» INPUT DATA:

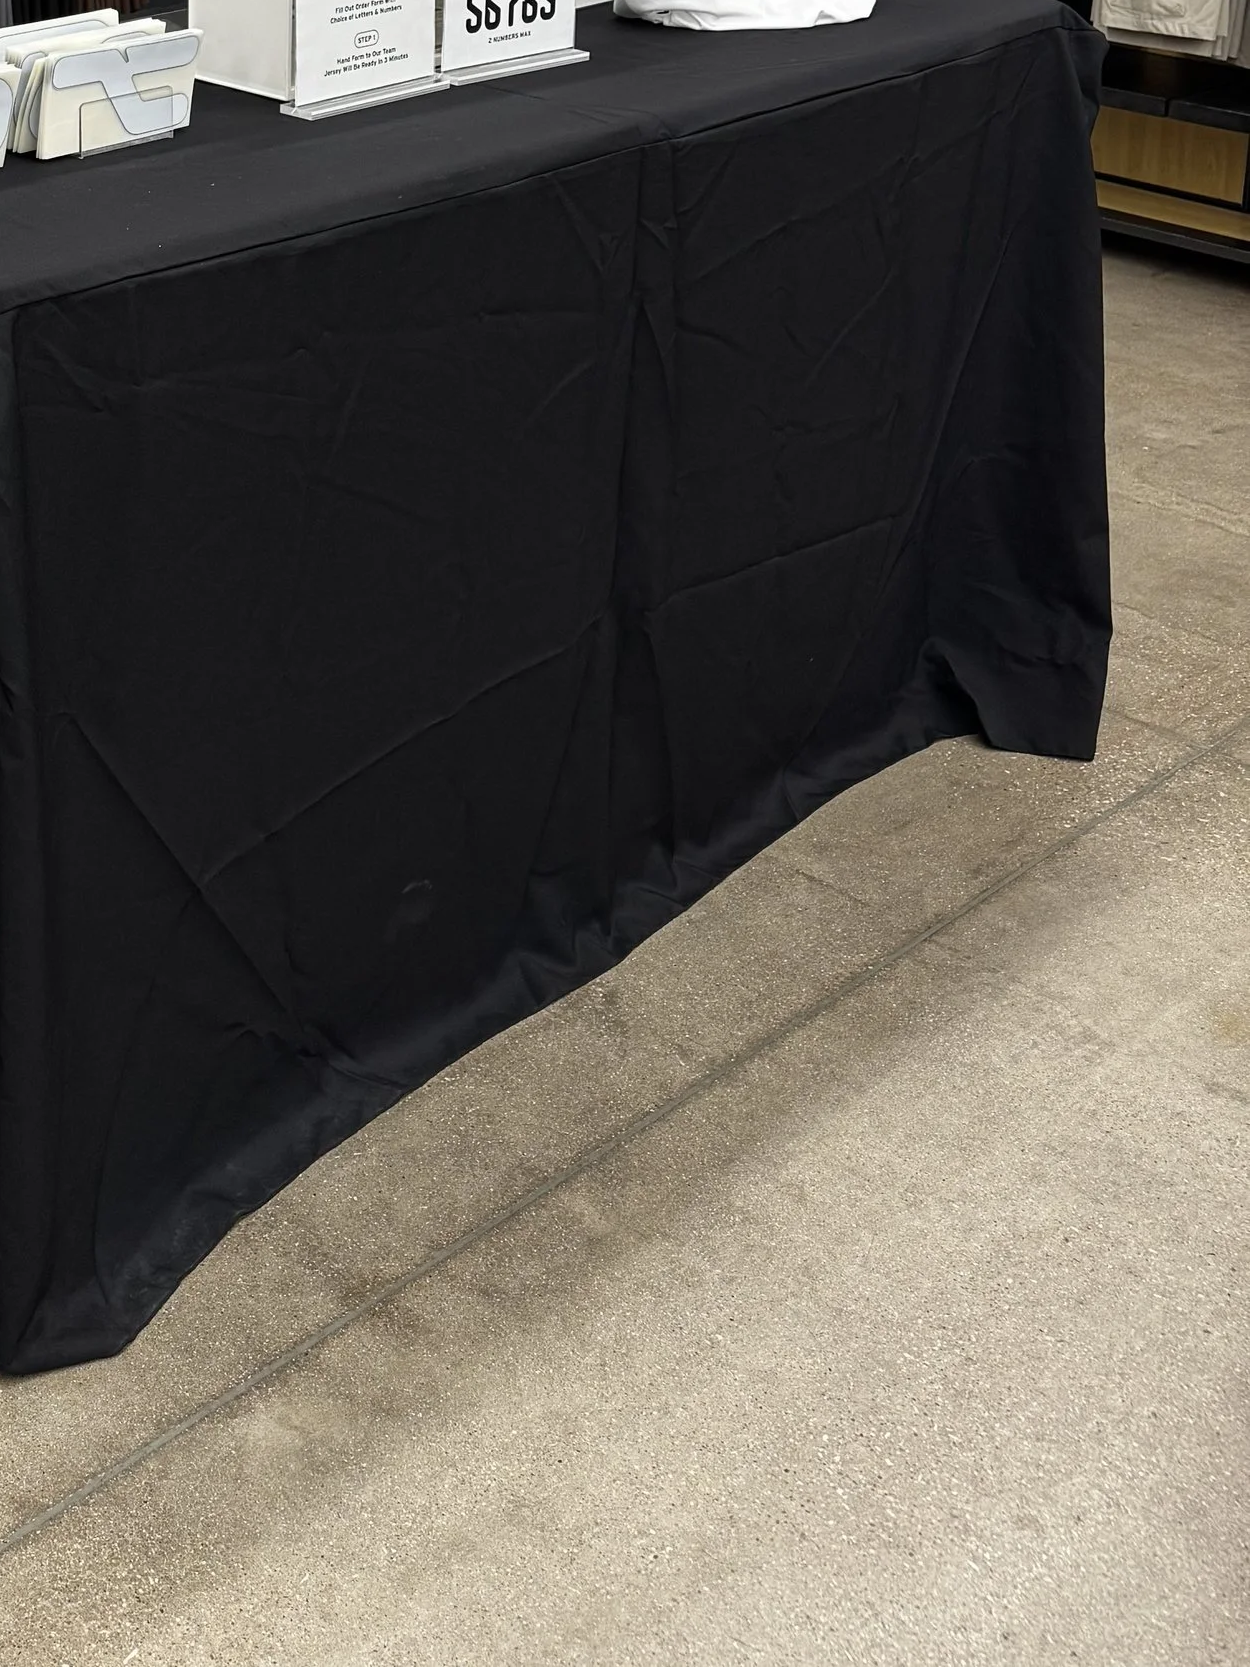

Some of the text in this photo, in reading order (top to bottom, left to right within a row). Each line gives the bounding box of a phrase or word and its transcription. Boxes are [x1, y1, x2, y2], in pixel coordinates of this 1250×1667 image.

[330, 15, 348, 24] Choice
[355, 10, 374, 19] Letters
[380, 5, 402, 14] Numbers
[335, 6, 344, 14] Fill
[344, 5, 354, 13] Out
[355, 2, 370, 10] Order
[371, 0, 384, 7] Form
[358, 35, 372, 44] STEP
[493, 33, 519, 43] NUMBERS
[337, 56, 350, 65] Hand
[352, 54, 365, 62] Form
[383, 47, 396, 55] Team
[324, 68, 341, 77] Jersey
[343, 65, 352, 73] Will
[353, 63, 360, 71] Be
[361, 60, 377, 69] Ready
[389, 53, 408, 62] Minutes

» REQUIRED WORK:
Taking each record in turn, retype it exactly and drop any picture.

» SOLUTION TO THIS EXERCISE:
Some of the text in this photo, in reading order (top to bottom, left to right within a row). Each line gives the bounding box of a phrase or word and its transcription. Boxes are [x1, y1, x2, y2], in pixel coordinates of this 1250×1667 image.

[330, 15, 348, 24] Choice
[355, 10, 374, 19] Letters
[380, 5, 402, 14] Numbers
[335, 6, 344, 14] Fill
[344, 5, 354, 13] Out
[355, 2, 370, 10] Order
[371, 0, 384, 7] Form
[358, 35, 372, 44] STEP
[493, 33, 519, 43] NUMBERS
[337, 56, 350, 65] Hand
[352, 54, 365, 62] Form
[383, 47, 396, 55] Team
[324, 68, 341, 77] Jersey
[343, 65, 352, 73] Will
[353, 63, 360, 71] Be
[361, 60, 377, 69] Ready
[389, 53, 408, 62] Minutes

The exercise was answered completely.